I find myself coming up with more questions than answers after these first few visits: Can franchises operate in the same way in these very different settings? How can we improve marketing/outreach efforts to bring more people in the door in rural areas? And what is the ideal design of a payment system for patients who cannot afford treatment/drugs? I also reflect on a conversation the fellows had in New York: Is everyone an entrepreneur? Some of the franchisees are as entrepreneurial as anyone I’ve ever met, others are not at all… but that is not necessarily a bad thing. I am interested to learn what John is finding at Scojo with Vision Entrepreneurs, Jon at Jamii Bora, and Wangari at Kashf.

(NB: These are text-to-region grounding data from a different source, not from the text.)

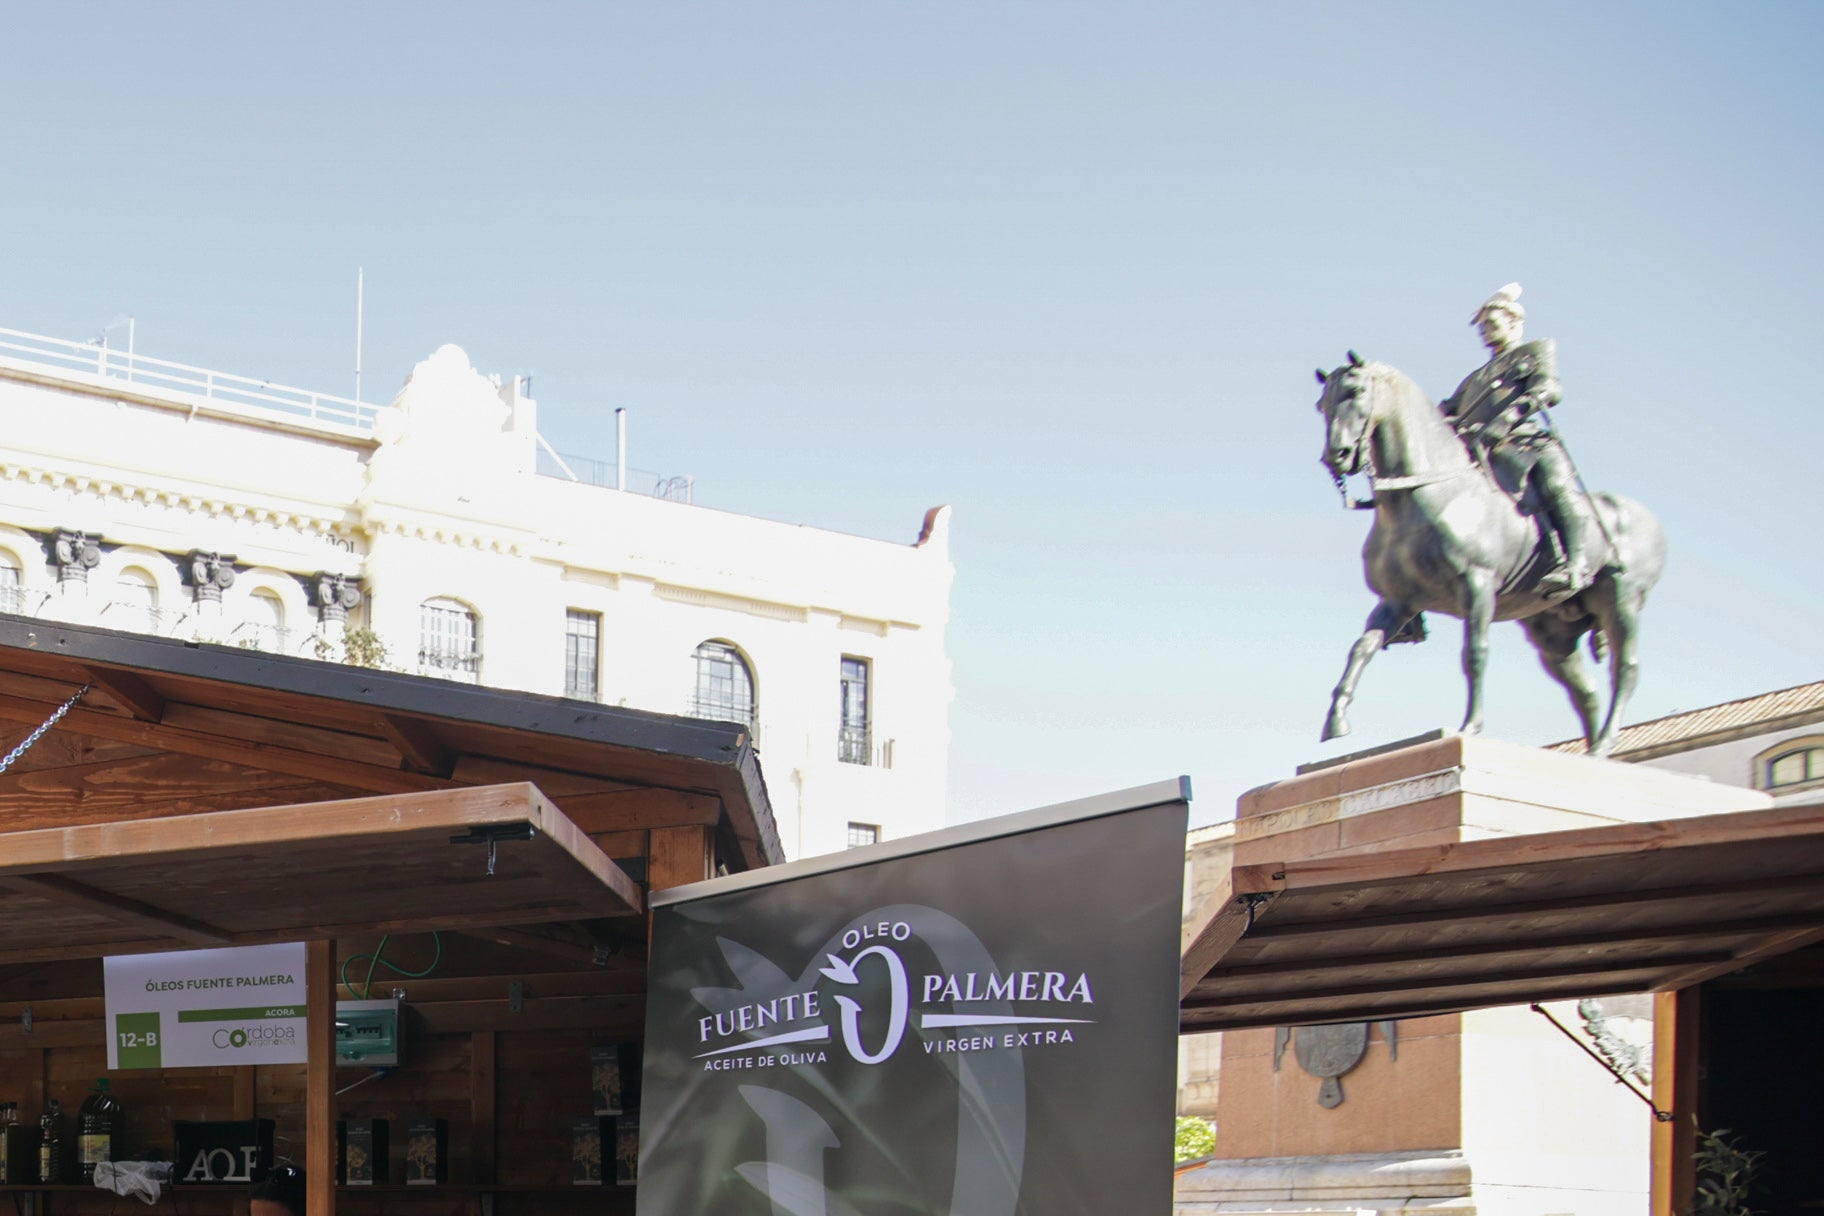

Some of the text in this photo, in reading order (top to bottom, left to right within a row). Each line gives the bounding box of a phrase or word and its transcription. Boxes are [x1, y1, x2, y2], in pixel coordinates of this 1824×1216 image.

[841, 921, 912, 950] OLEO
[145, 974, 294, 992] ÓLEOS FUENTE PALMERA
[265, 1008, 295, 1017] ACORA
[697, 971, 1094, 1043] FUENTE PALMERA
[119, 1032, 158, 1048] 12-B
[923, 1029, 1074, 1055] VIRGEN EXTRA
[703, 1051, 827, 1072] ACEITE DE OLIVA

Traffic back into the city was a nightmare, as always, but I made it back for a late Thanksgiving dinner. No turkey for me this year, but Edwin made ugali & greens and Lisa a sweet potato pie. Lots to say “asante” for.

Housing a Fellow

November 19, 2007

So with the investor gathering behind us I find myself in Nairobi where we need to find a place to live! Thanks to the immense generosity of a friend of Catherine’s (a fellow fellow), Lisa (my wife) and I are all staying for the first two weeks in an apartment near the centre of Nairobi. But come December we need to find a place of our own.

Catherine, Lisa and I went house-hunting today. It’s proving surprisingly complex. We’re trying to find a place which is safe, with internet access, within our relatively limited budget and with reasonable public transport links to the places we work. The most complex bit however seems to be working out how comfortable is ‘too comfortable’. We don’t want to be in a place that feels too grandiose – some of the early apartments we were shown felt a bit like four-bed mansions! At the same time, there is clearly something a bit rediculous about these consideration. There is a slight danger of us becoming like ‘Gap’ year students who take delight in living in the most-run-down place we can find so that we can say that we ‘lived with the poor’. It is also clearly rediculous for us to pretend that by living in a two-bedroom flat in a walled compound rather a four-bedroom one we are just like the people we are here to serve.

On another note, I have noticed again (sorry Lisa) how clumsy my wife is. The score for today: one bashed head and three minor trips. She swears that she wasn’t like this until she met me! Having almost wet myself last week watching Catherine bend down to pick up a piece of paper and almost knocking herself unconscious on the table she was sitting at, I feel a competition between the two of them may be in order.